## EXERCISE
A faithful copy of all the records is needed, with the pictures omitted.

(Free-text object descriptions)
====
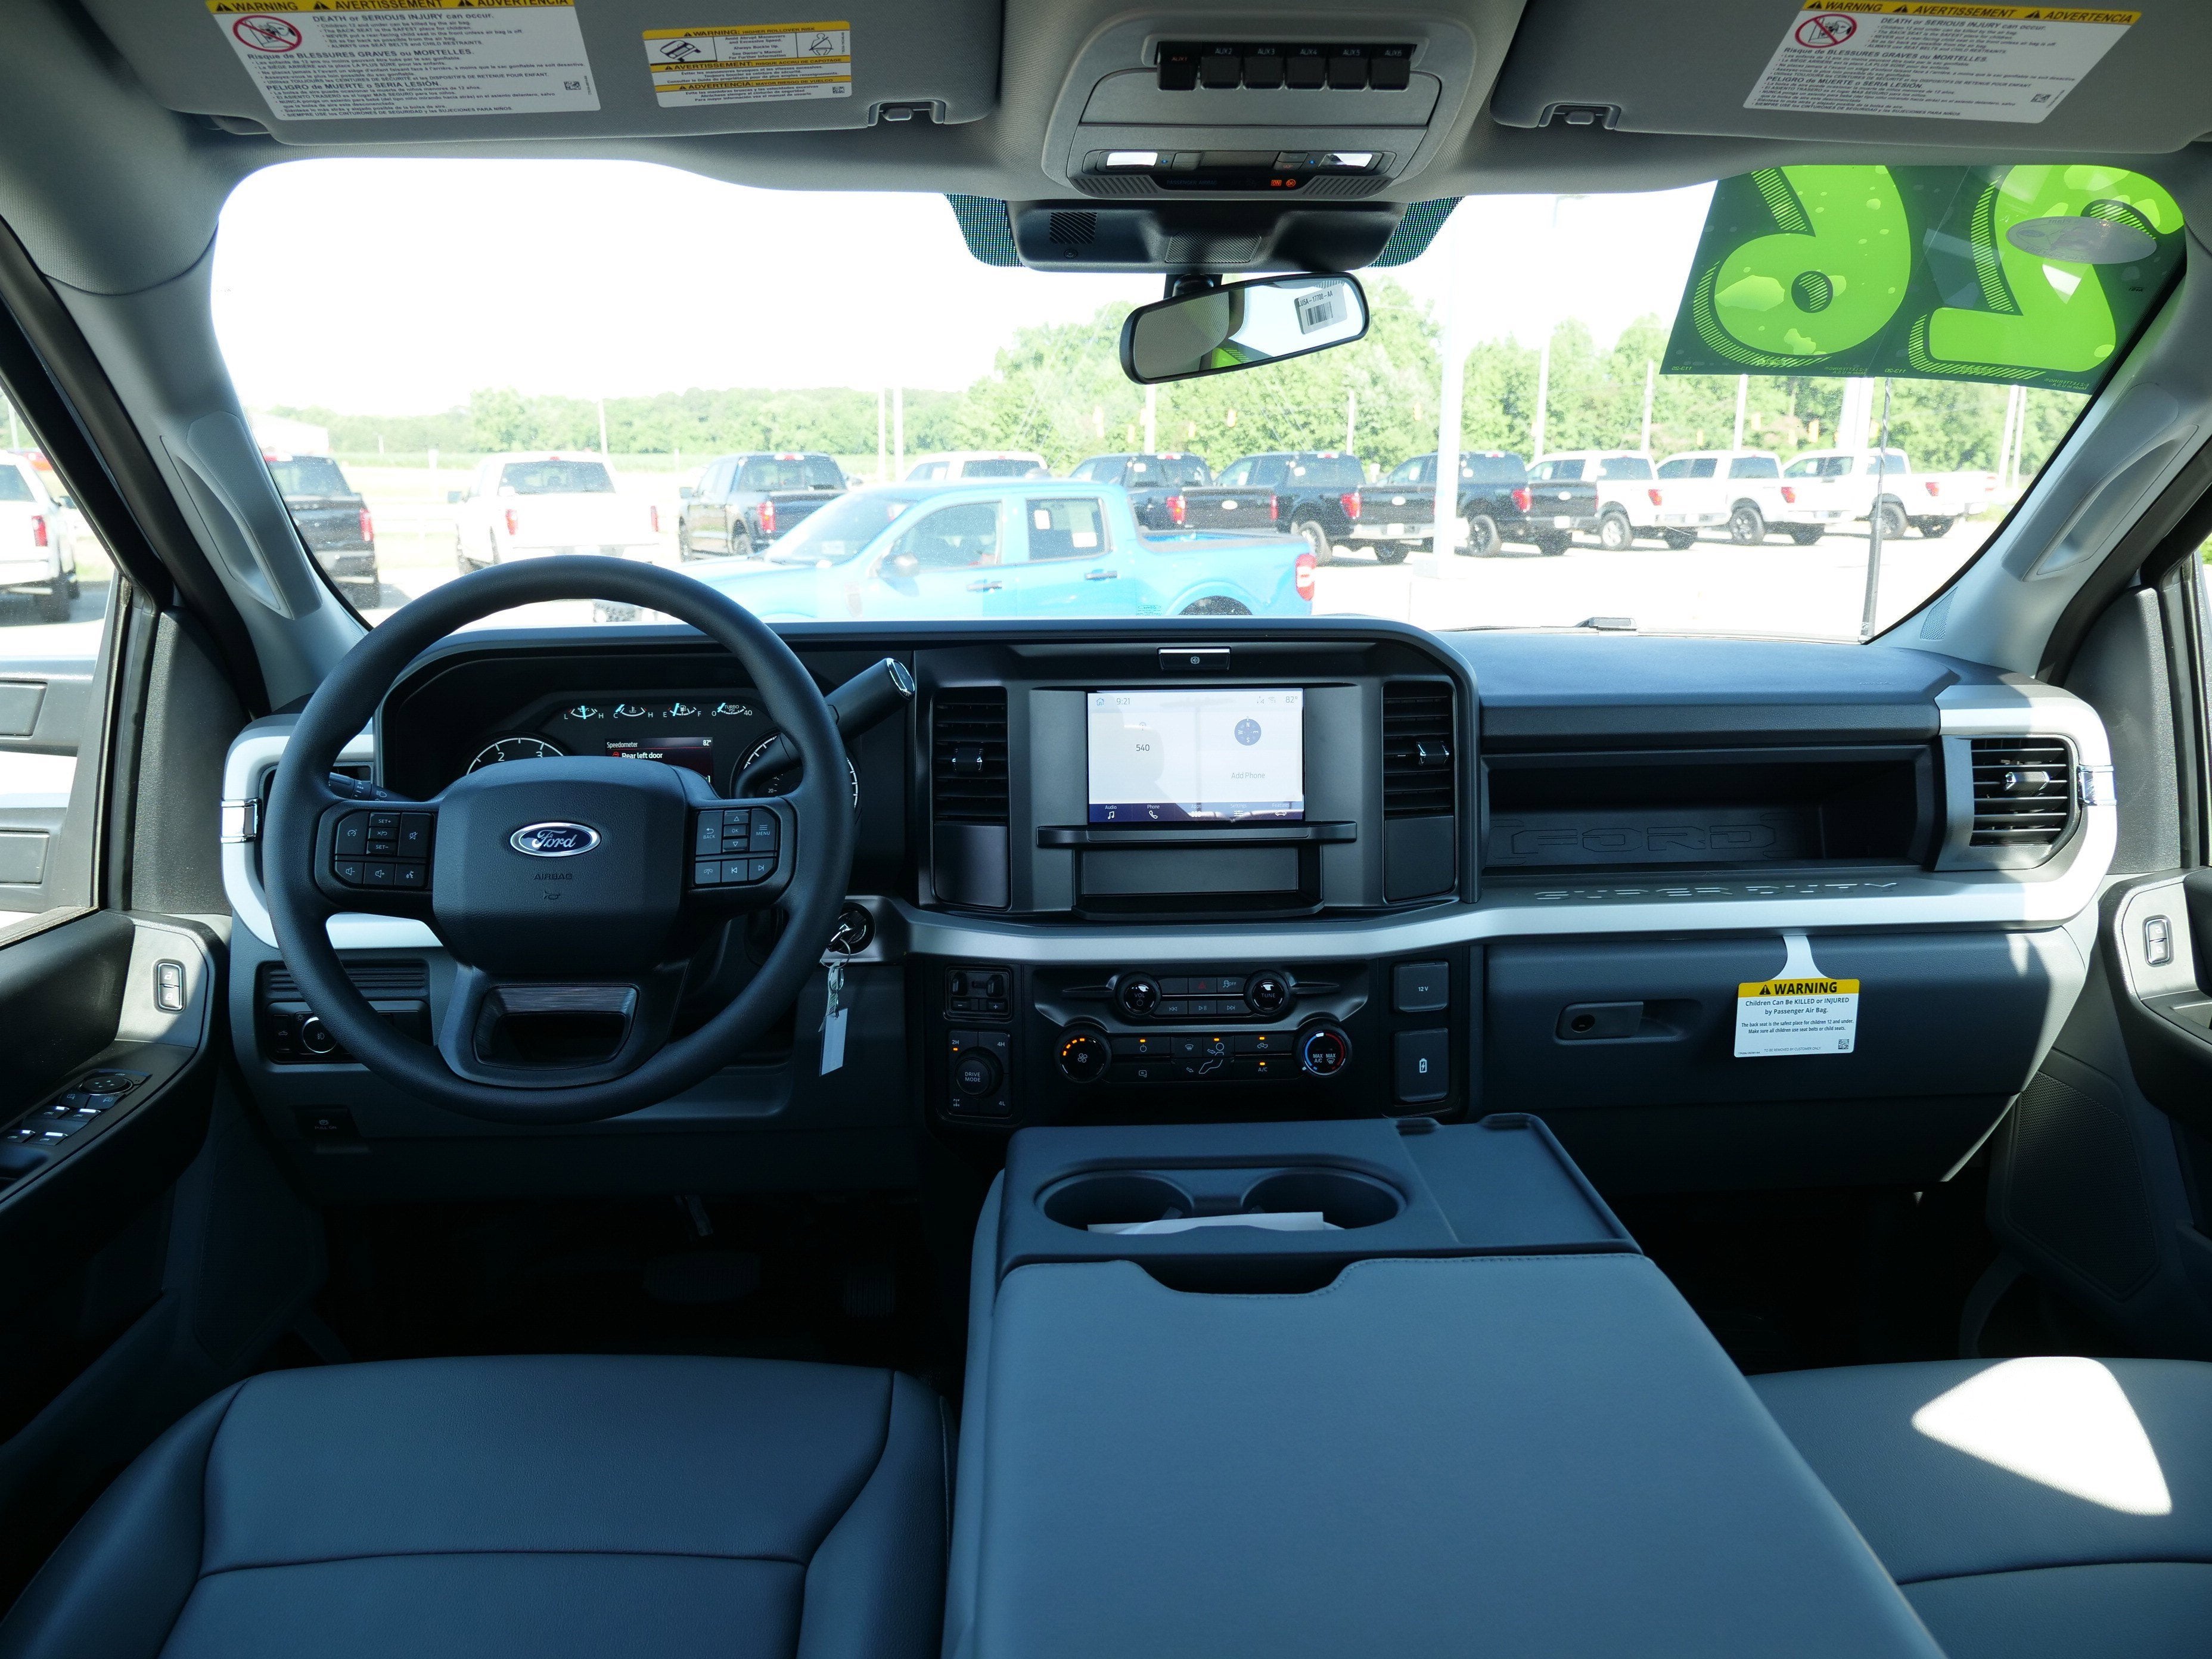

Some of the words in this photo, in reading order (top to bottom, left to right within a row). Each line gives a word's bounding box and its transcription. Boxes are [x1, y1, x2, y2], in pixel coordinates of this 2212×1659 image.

[232, 2, 298, 11] WARNING
[335, 0, 442, 10] AVERTISSEMENT
[1825, 2, 1882, 12] WARNING
[1913, 5, 2017, 17] AVERTISSEMENT
[2044, 11, 2133, 23] ADVERTENCIA
[674, 61, 753, 70] AVERTISSEMENT:
[688, 81, 754, 89] ADVERTENCIA:
[498, 752, 505, 761] 2
[532, 829, 576, 849] Ford
[1511, 824, 1776, 854] FORD
[1774, 982, 1837, 995] WARNING
====
## REPLY TO THE TASK
Some of the words in this photo, in reading order (top to bottom, left to right within a row). Each line gives a word's bounding box and its transcription. Boxes are [x1, y1, x2, y2], in pixel coordinates of this 2212×1659 image.

[232, 2, 298, 11] WARNING
[335, 0, 442, 10] AVERTISSEMENT
[1825, 2, 1882, 12] WARNING
[1913, 5, 2017, 17] AVERTISSEMENT
[2044, 11, 2133, 23] ADVERTENCIA
[674, 61, 753, 70] AVERTISSEMENT:
[688, 81, 754, 89] ADVERTENCIA:
[498, 752, 505, 761] 2
[532, 829, 576, 849] Ford
[1511, 824, 1776, 854] FORD
[1774, 982, 1837, 995] WARNING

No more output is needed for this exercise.